Task prompt: The records below must be copied in full; omit the images.
--- Records supplied ---
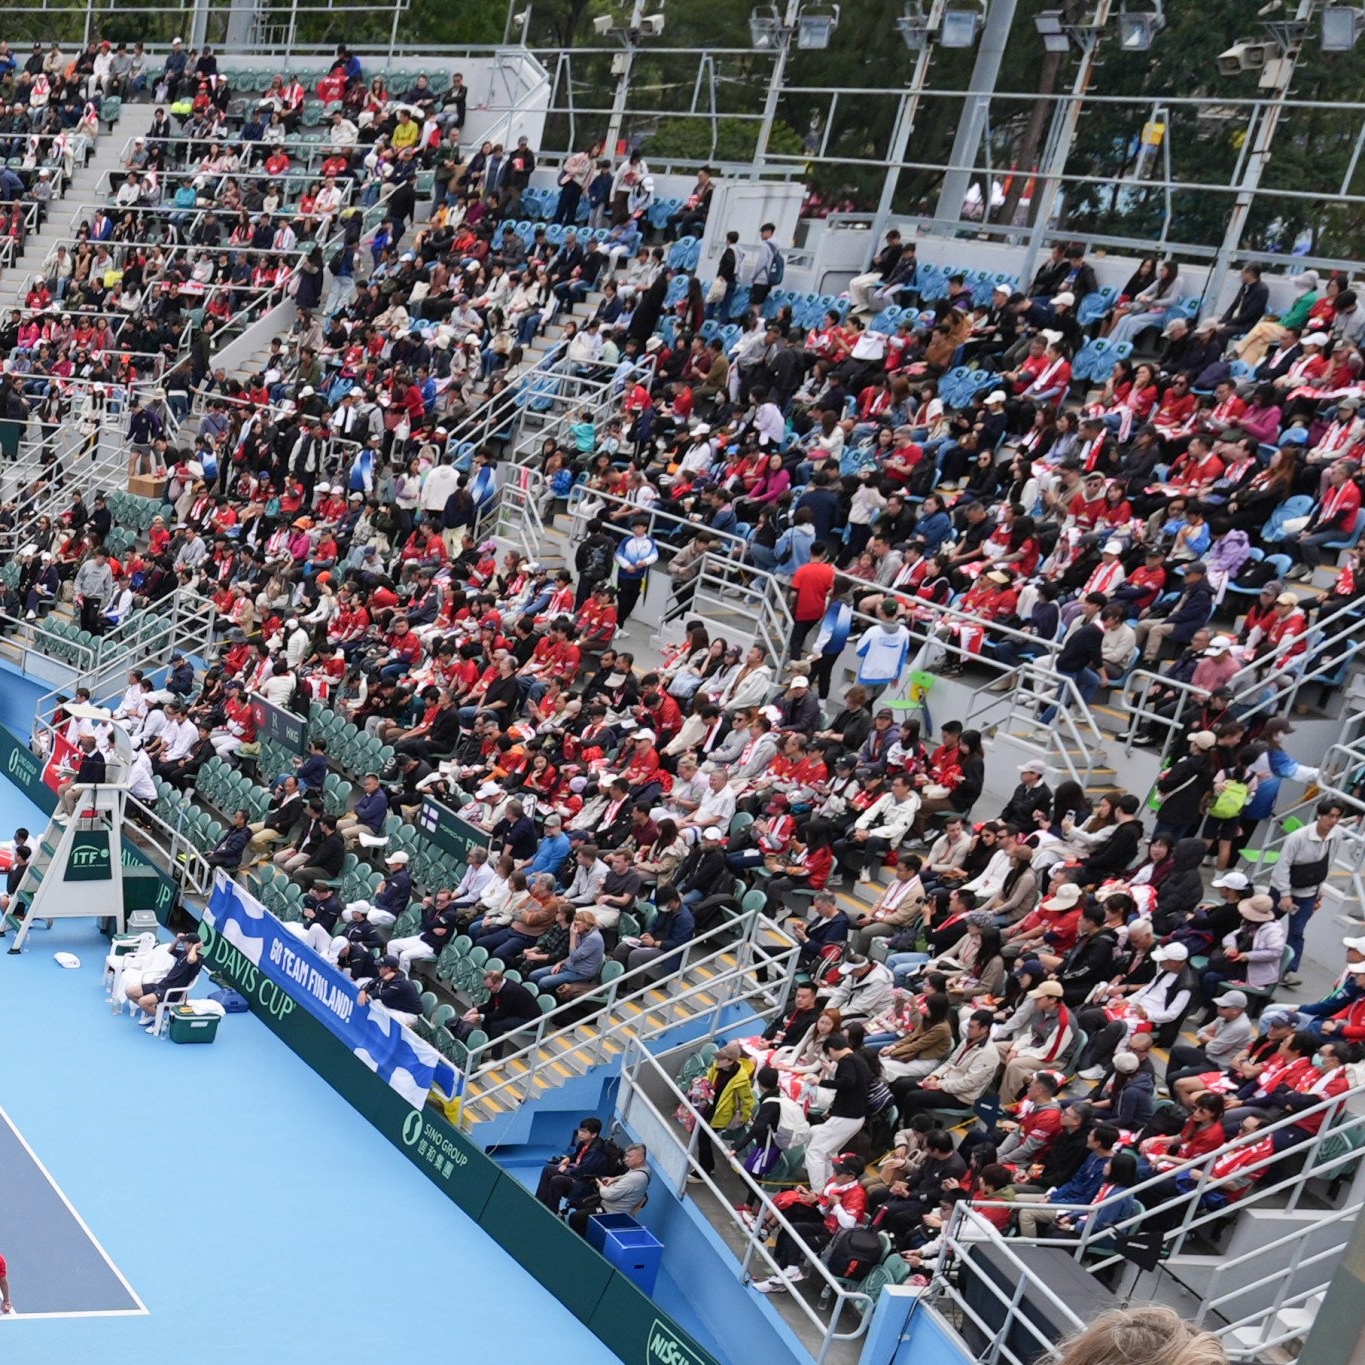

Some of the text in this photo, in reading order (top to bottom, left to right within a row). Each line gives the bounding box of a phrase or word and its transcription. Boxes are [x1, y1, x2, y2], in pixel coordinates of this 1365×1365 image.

[285, 726, 299, 743] HKG
[73, 852, 98, 864] ITF
[215, 938, 294, 1021] DAVIS CUP
[271, 937, 354, 1023] GO TEAM FINLAND!
[417, 1138, 454, 1180] 信和集團
[424, 1124, 468, 1166] SINO GROUP
---
Answer area:
Some of the text in this photo, in reading order (top to bottom, left to right within a row). Each line gives the bounding box of a phrase or word and its transcription. Boxes are [x1, y1, x2, y2], in pixel coordinates of this 1365×1365 image.

[285, 726, 299, 743] HKG
[73, 852, 98, 864] ITF
[215, 938, 294, 1021] DAVIS CUP
[271, 937, 354, 1023] GO TEAM FINLAND!
[417, 1138, 454, 1180] 信和集團
[424, 1124, 468, 1166] SINO GROUP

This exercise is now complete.